- WHAT YOU SHOULD DO
Please transcribe, exactly and only, the lines of the records below from the one holding "this 1280×1717 image." to the very end.

** Opening SUPPLIED RECORDS block **

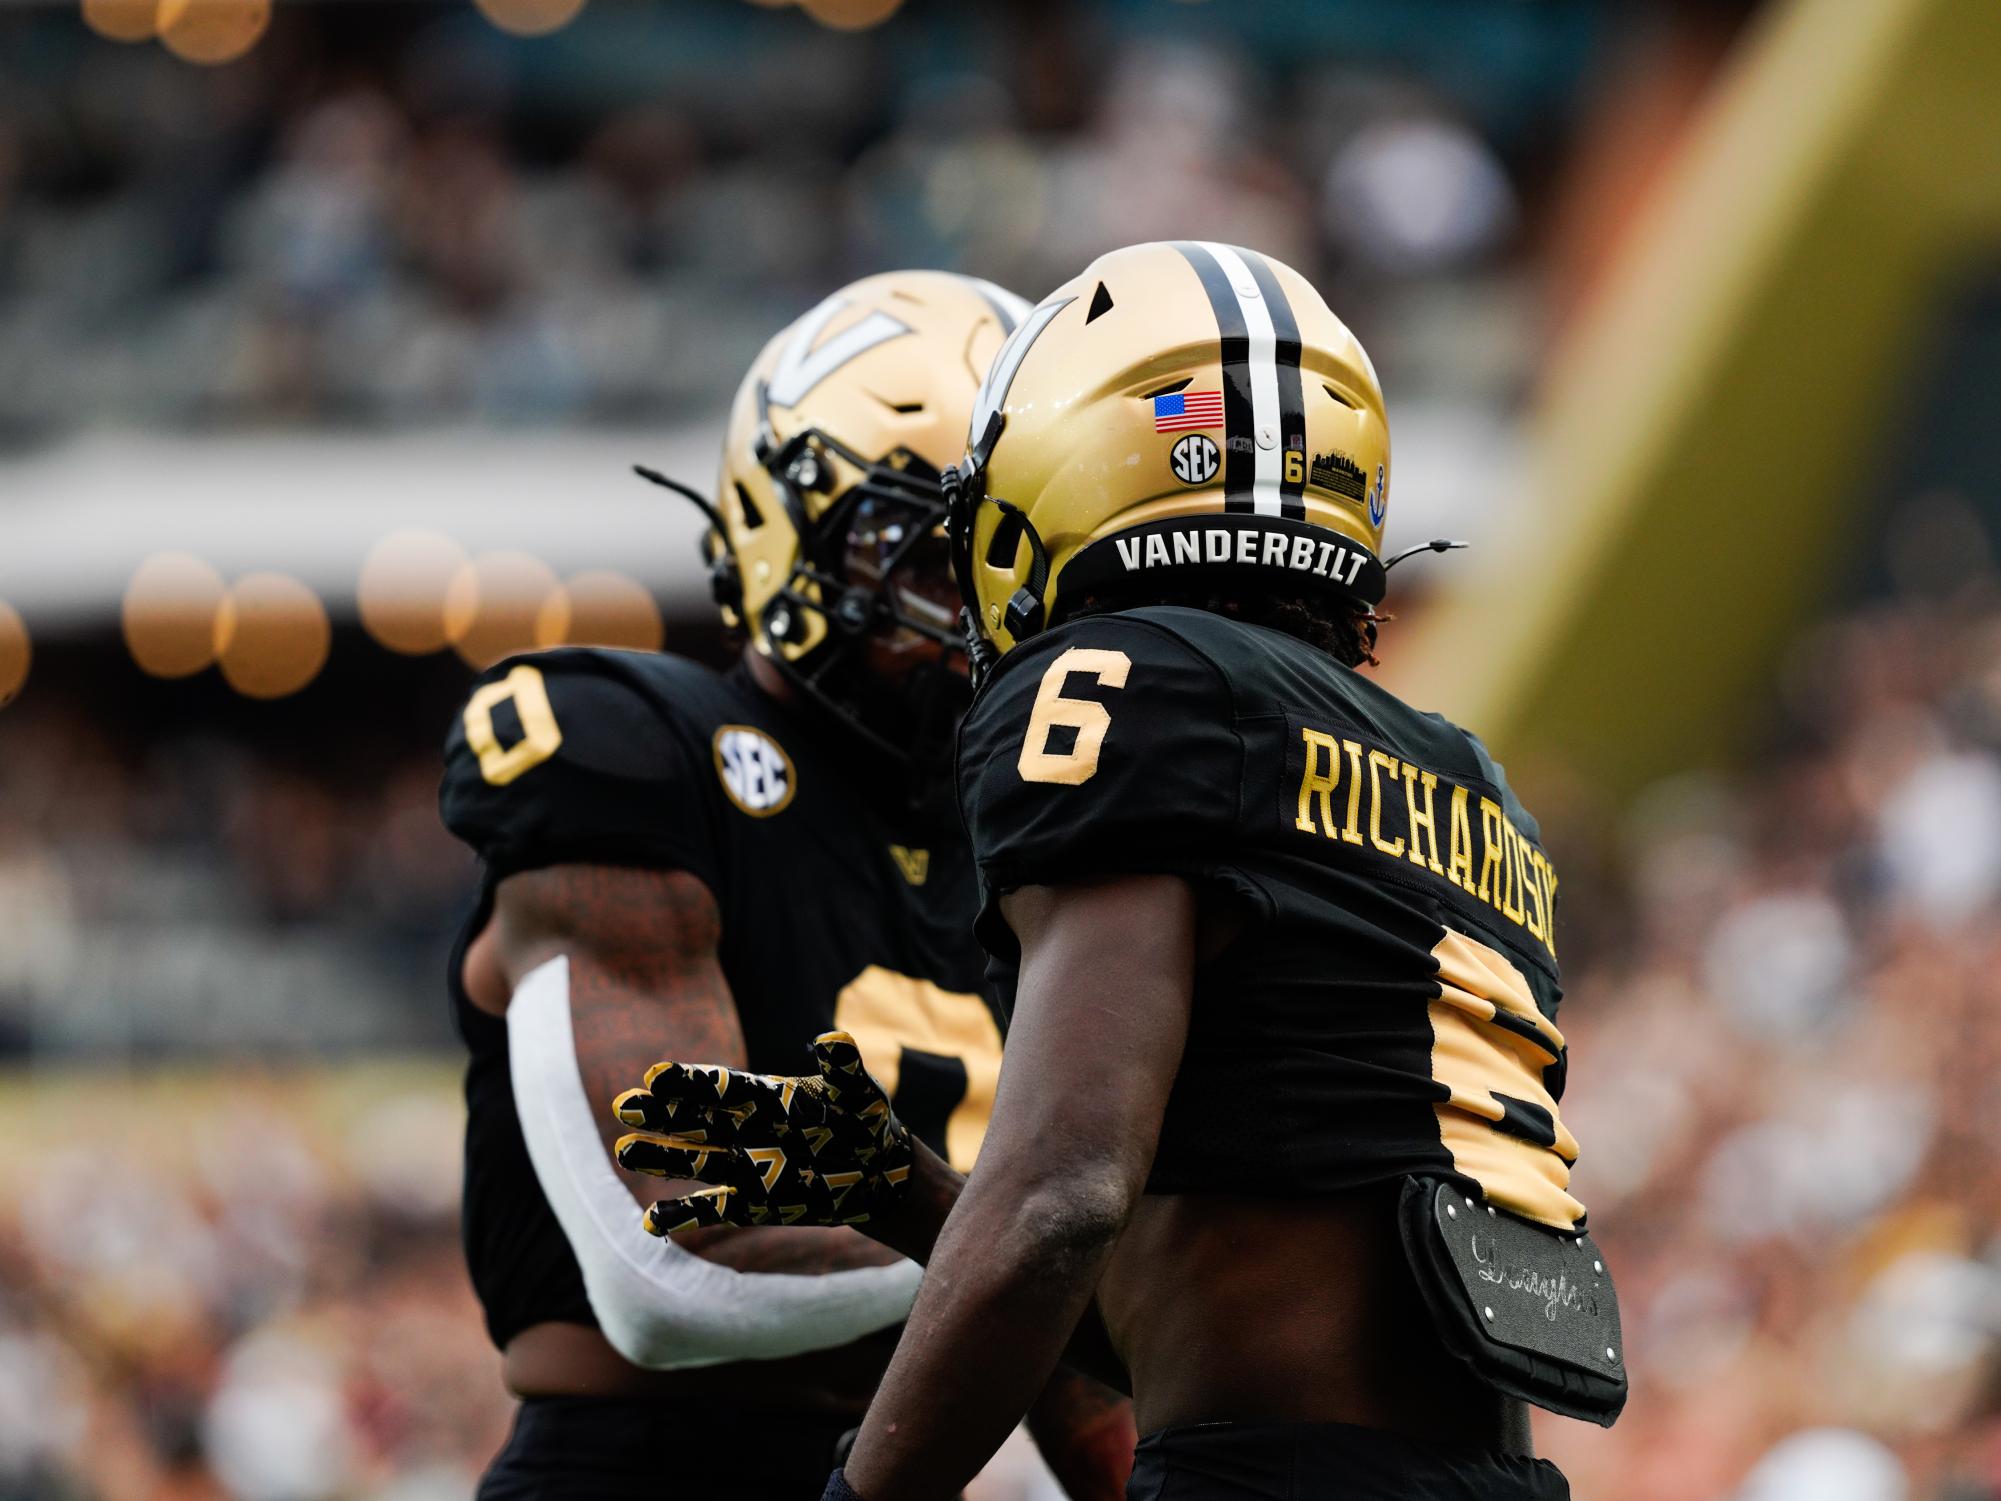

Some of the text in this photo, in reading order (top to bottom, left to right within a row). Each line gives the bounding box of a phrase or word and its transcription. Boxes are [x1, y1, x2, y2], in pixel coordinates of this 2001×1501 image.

[1172, 435, 1218, 483] SEC
[1285, 450, 1303, 483] 6
[1115, 529, 1368, 586] VANDERBILT
[463, 664, 563, 787] 0
[1017, 648, 1132, 786] 6
[718, 730, 788, 809] SEC
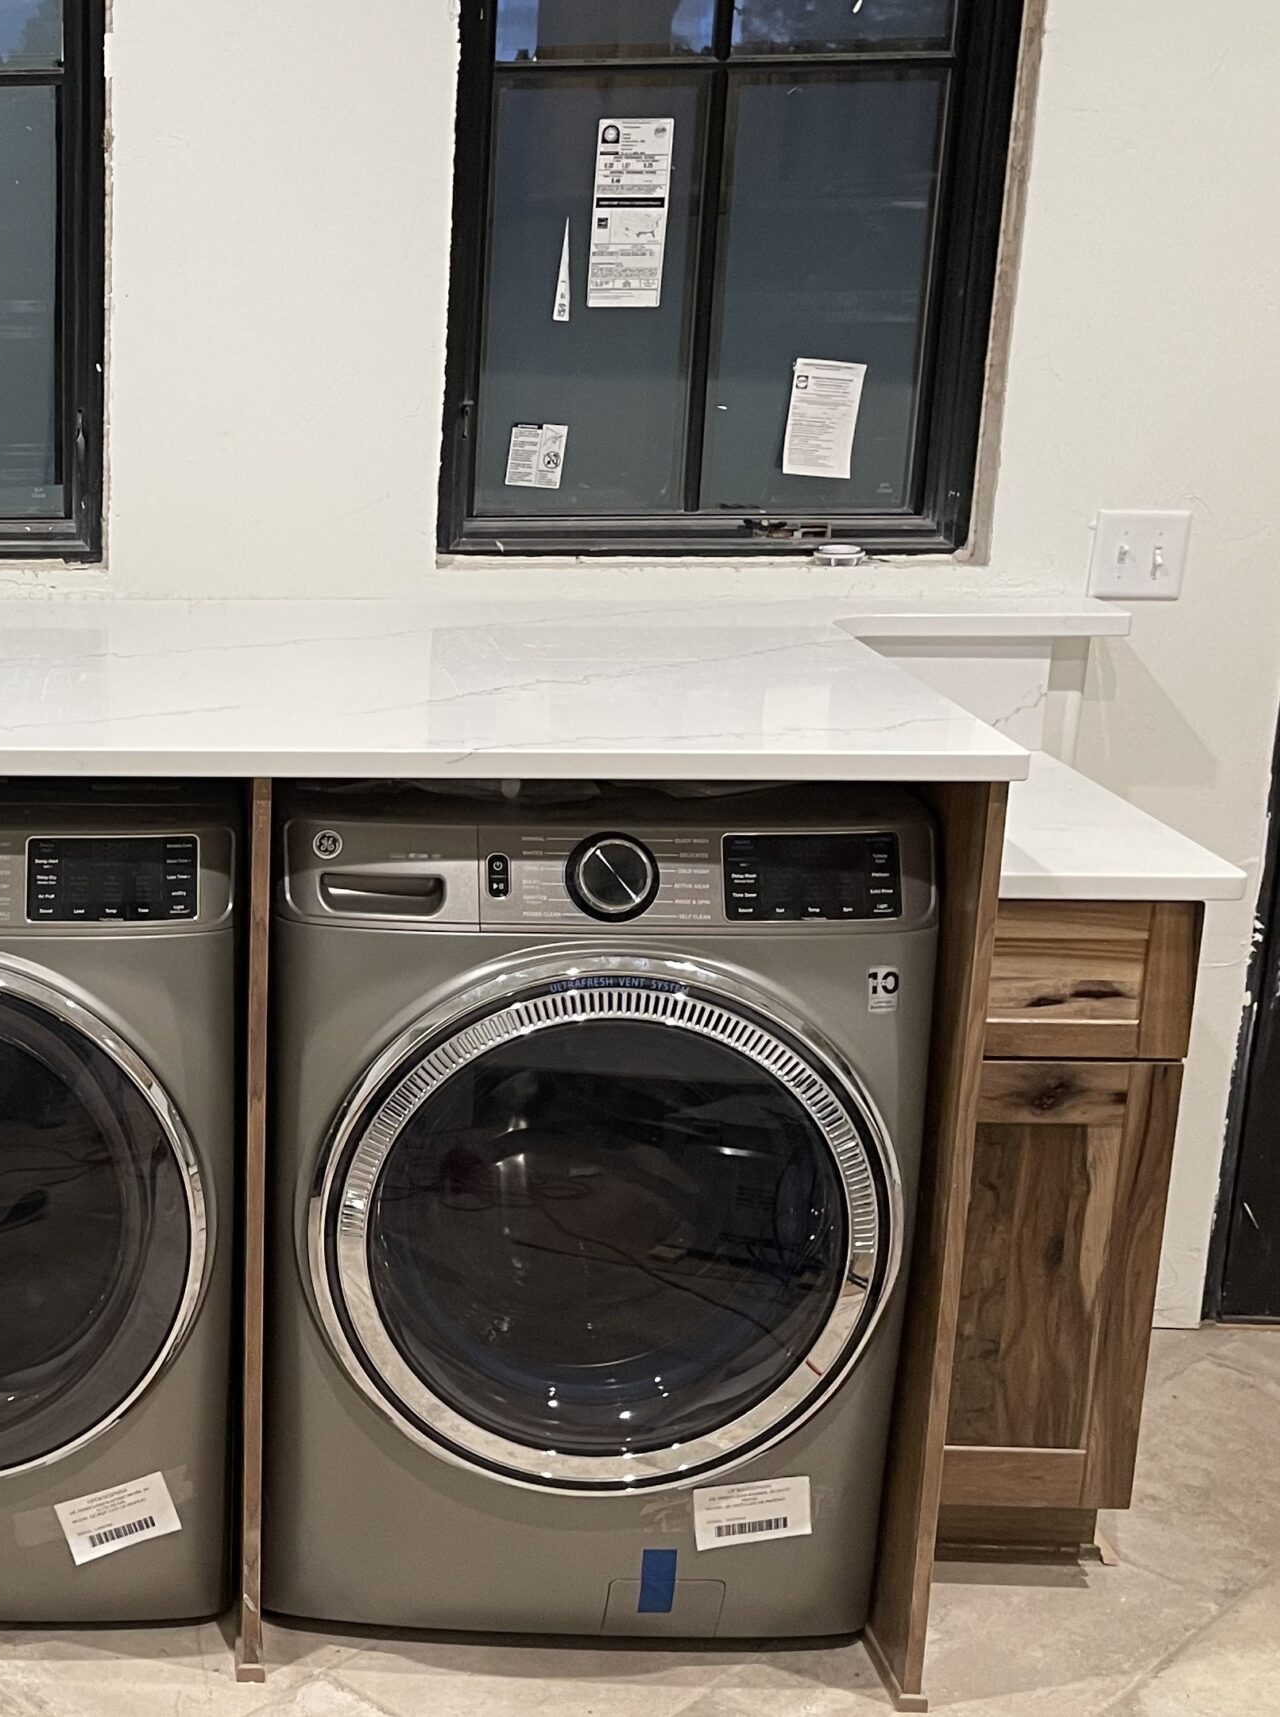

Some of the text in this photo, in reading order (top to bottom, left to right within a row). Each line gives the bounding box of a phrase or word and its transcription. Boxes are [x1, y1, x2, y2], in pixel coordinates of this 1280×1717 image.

[550, 976, 690, 995] ULTRAFRESH VENT SYSTEM
[868, 971, 899, 994] 10

** Closing SUPPLIED RECORDS block **

- RESULT FOR THIS EXERCISE
Some of the text in this photo, in reading order (top to bottom, left to right within a row). Each line gives the bounding box of a phrase or word and its transcription. Boxes are [x1, y1, x2, y2], in pixel coordinates of this 1280×1717 image.

[550, 976, 690, 995] ULTRAFRESH VENT SYSTEM
[868, 971, 899, 994] 10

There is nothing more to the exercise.